• [YOUR GOAL] What does the data read, word for word, from the line containing "this 1904×1428 image." through its final line? Give those lines only.

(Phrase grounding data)
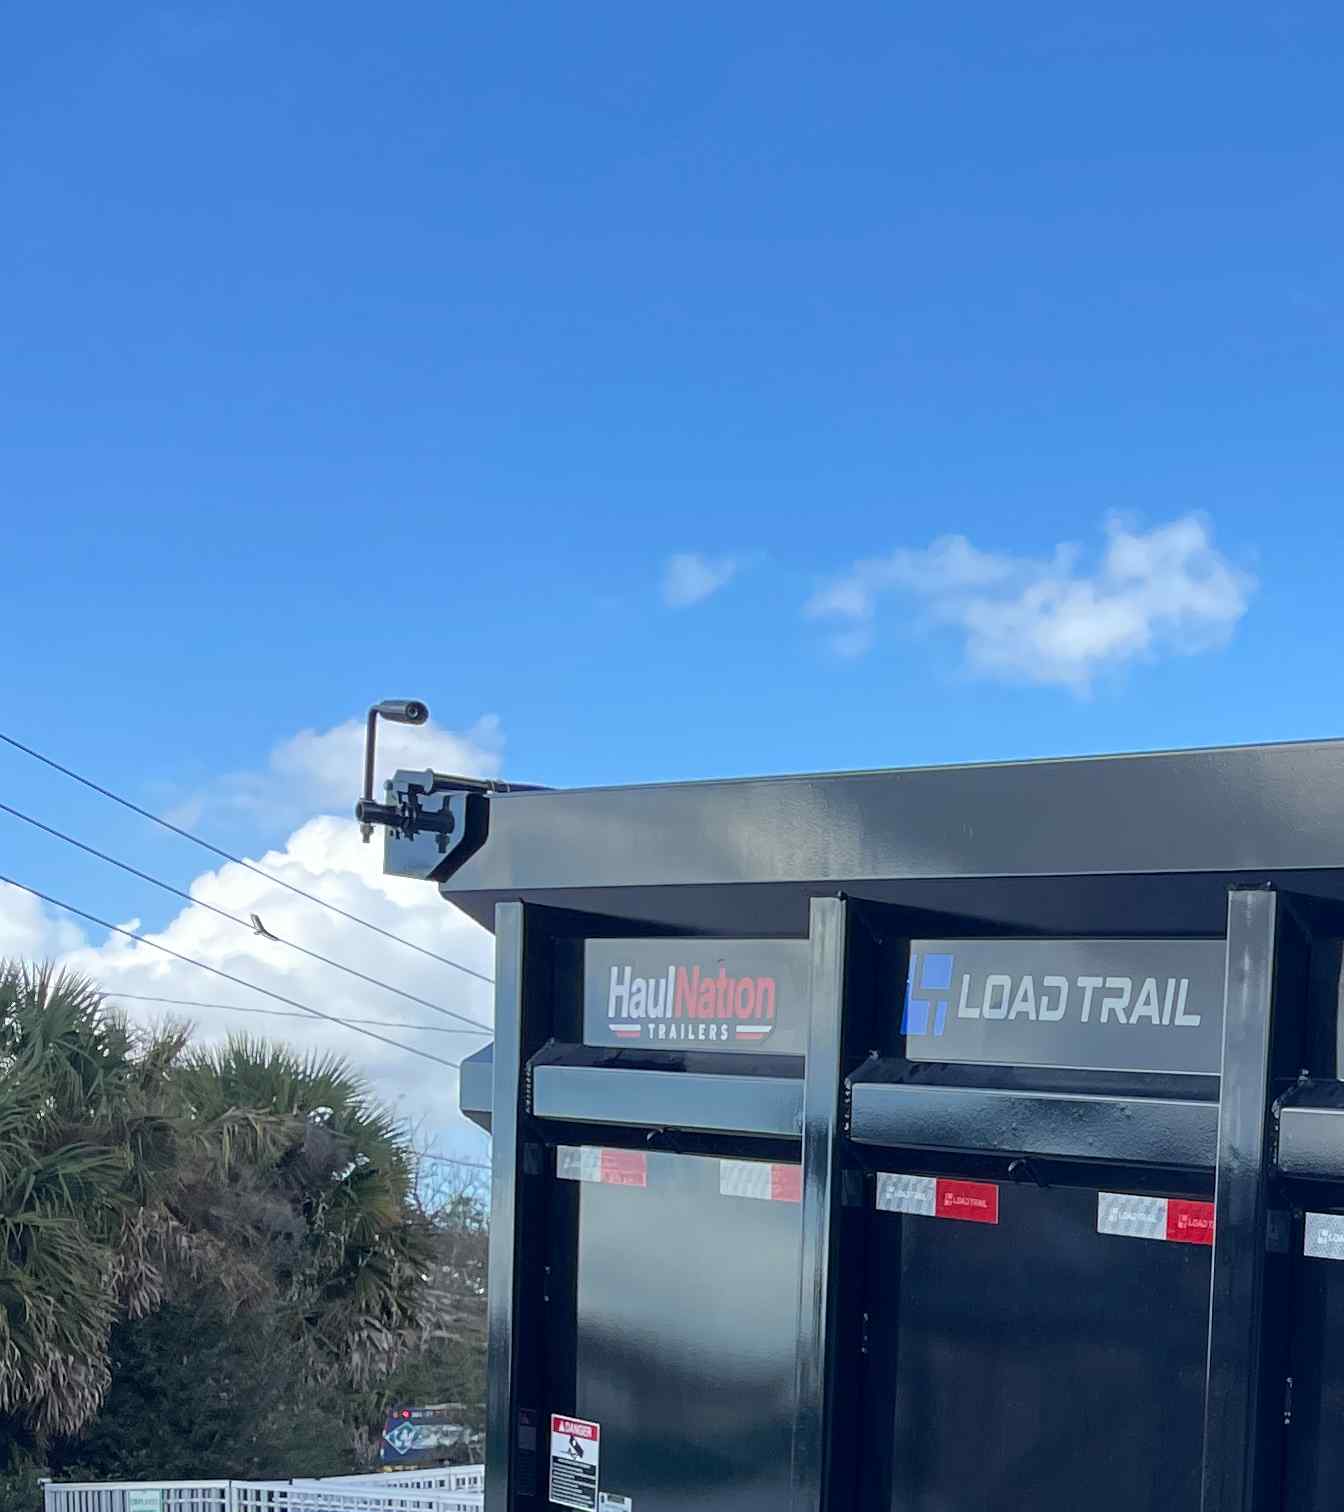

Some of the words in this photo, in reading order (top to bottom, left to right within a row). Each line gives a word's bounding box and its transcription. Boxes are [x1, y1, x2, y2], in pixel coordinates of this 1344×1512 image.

[607, 962, 776, 1018] HaulNation
[957, 974, 1069, 1021] LOAD
[1076, 976, 1201, 1027] TRAIL
[648, 1023, 729, 1041] TRAILERS
[565, 1422, 593, 1438] DANGER
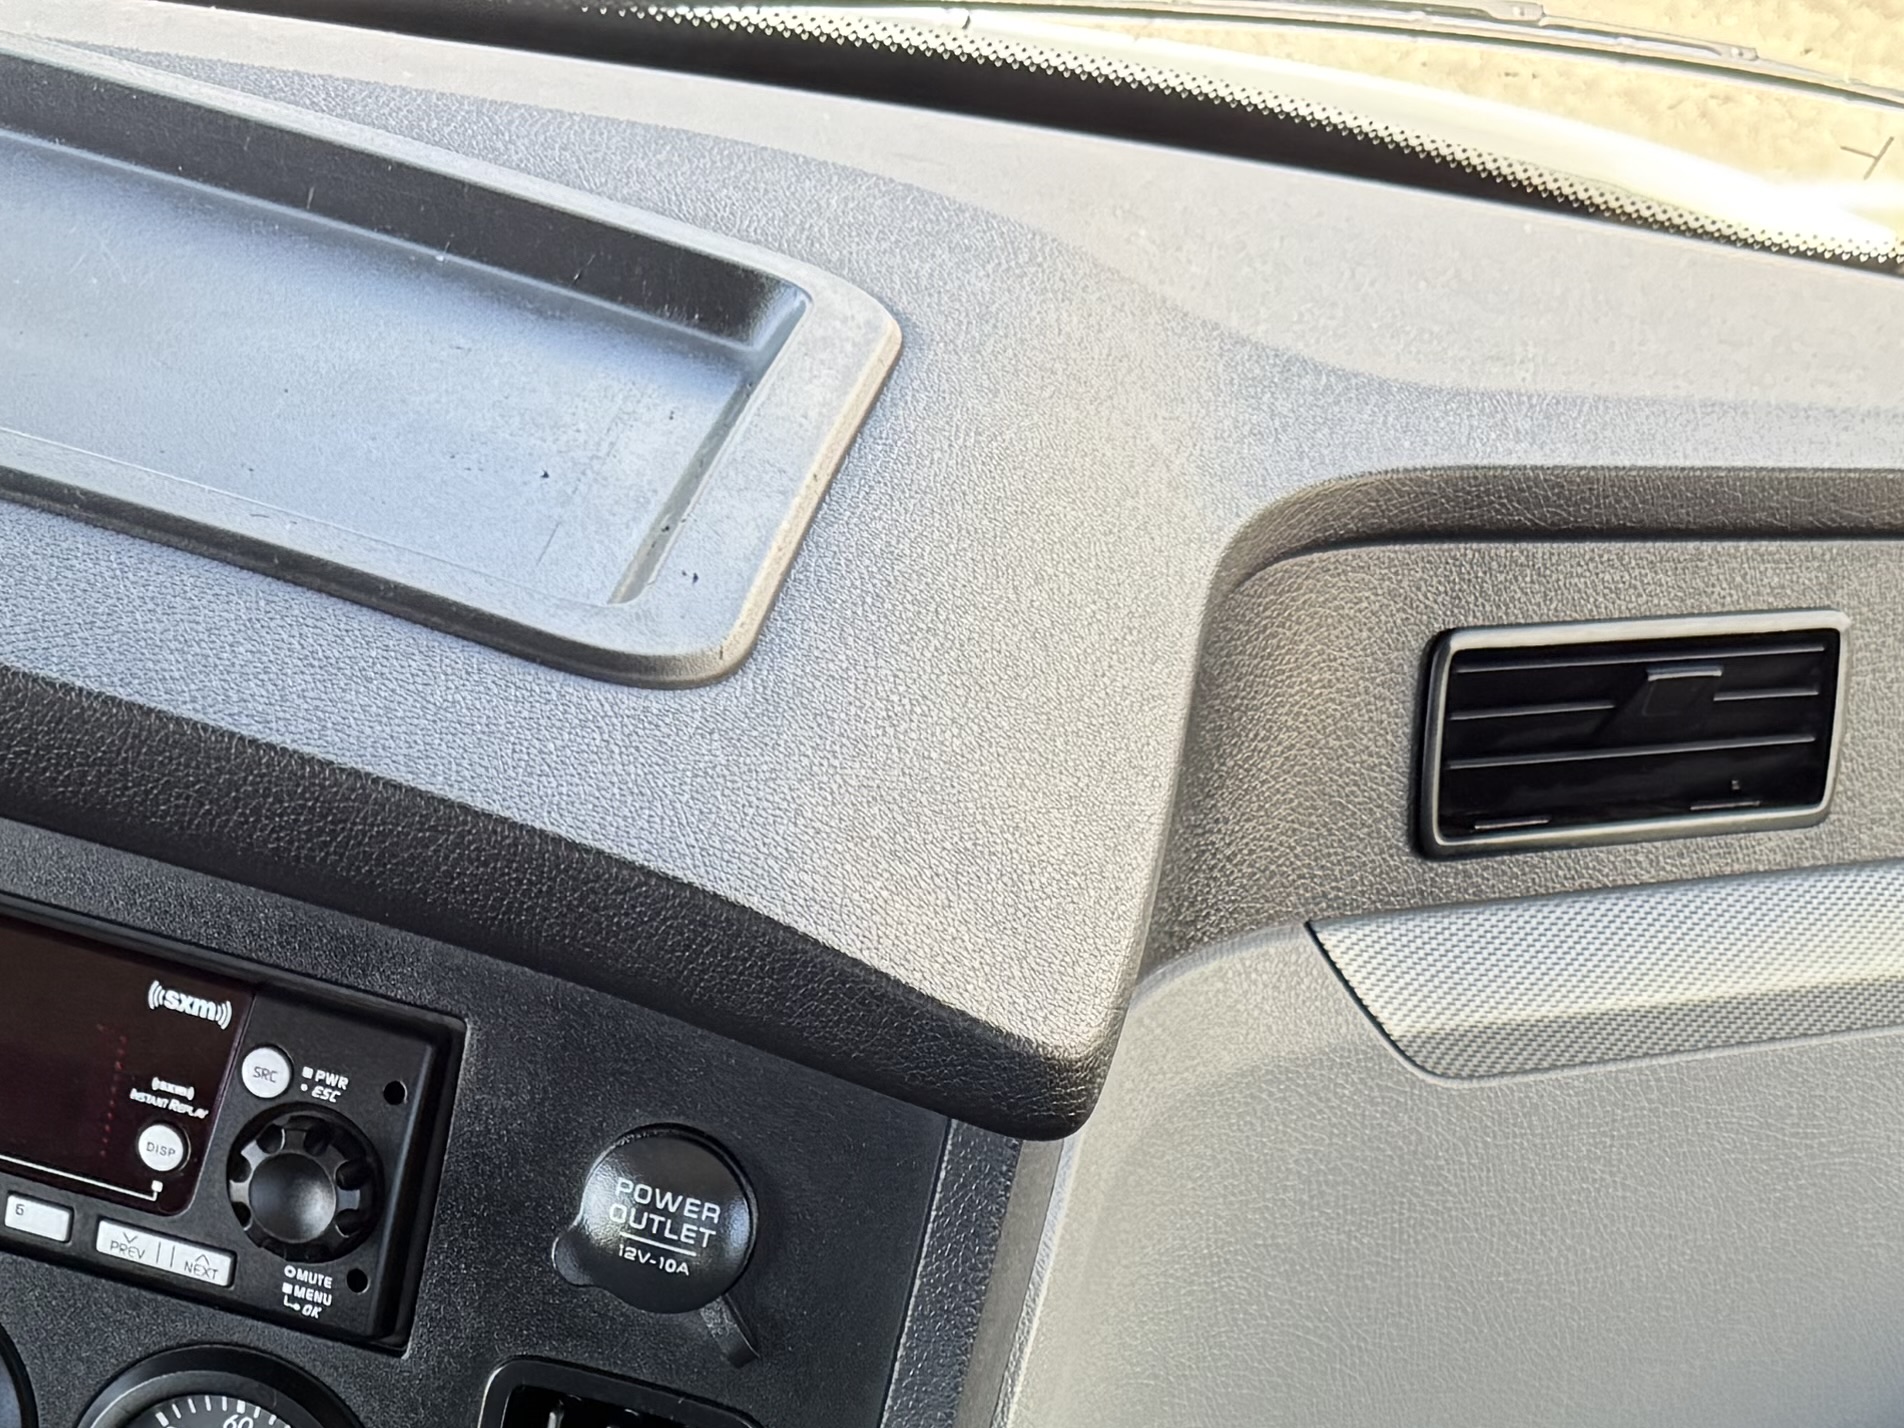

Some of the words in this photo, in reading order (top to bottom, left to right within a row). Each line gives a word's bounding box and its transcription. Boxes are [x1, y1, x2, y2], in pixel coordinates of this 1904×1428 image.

[252, 1066, 278, 1083] SRC
[315, 1069, 350, 1091] PWR
[311, 1085, 342, 1103] ESC
[146, 1142, 176, 1157] DISP
[15, 1204, 25, 1216] 6
[615, 1177, 721, 1224] POWER
[609, 1203, 716, 1248] OUTLET
[110, 1240, 146, 1260] PREV
[617, 1244, 690, 1276] 12V-10A
[183, 1261, 219, 1281] NEXT
[296, 1268, 334, 1289] MUTE
[293, 1284, 332, 1307] MENU
[301, 1303, 323, 1320] OK

• [RESULT OF THIS TASK]
Some of the words in this photo, in reading order (top to bottom, left to right within a row). Each line gives a word's bounding box and its transcription. Boxes are [x1, y1, x2, y2], in pixel coordinates of this 1904×1428 image.

[252, 1066, 278, 1083] SRC
[315, 1069, 350, 1091] PWR
[311, 1085, 342, 1103] ESC
[146, 1142, 176, 1157] DISP
[15, 1204, 25, 1216] 6
[615, 1177, 721, 1224] POWER
[609, 1203, 716, 1248] OUTLET
[110, 1240, 146, 1260] PREV
[617, 1244, 690, 1276] 12V-10A
[183, 1261, 219, 1281] NEXT
[296, 1268, 334, 1289] MUTE
[293, 1284, 332, 1307] MENU
[301, 1303, 323, 1320] OK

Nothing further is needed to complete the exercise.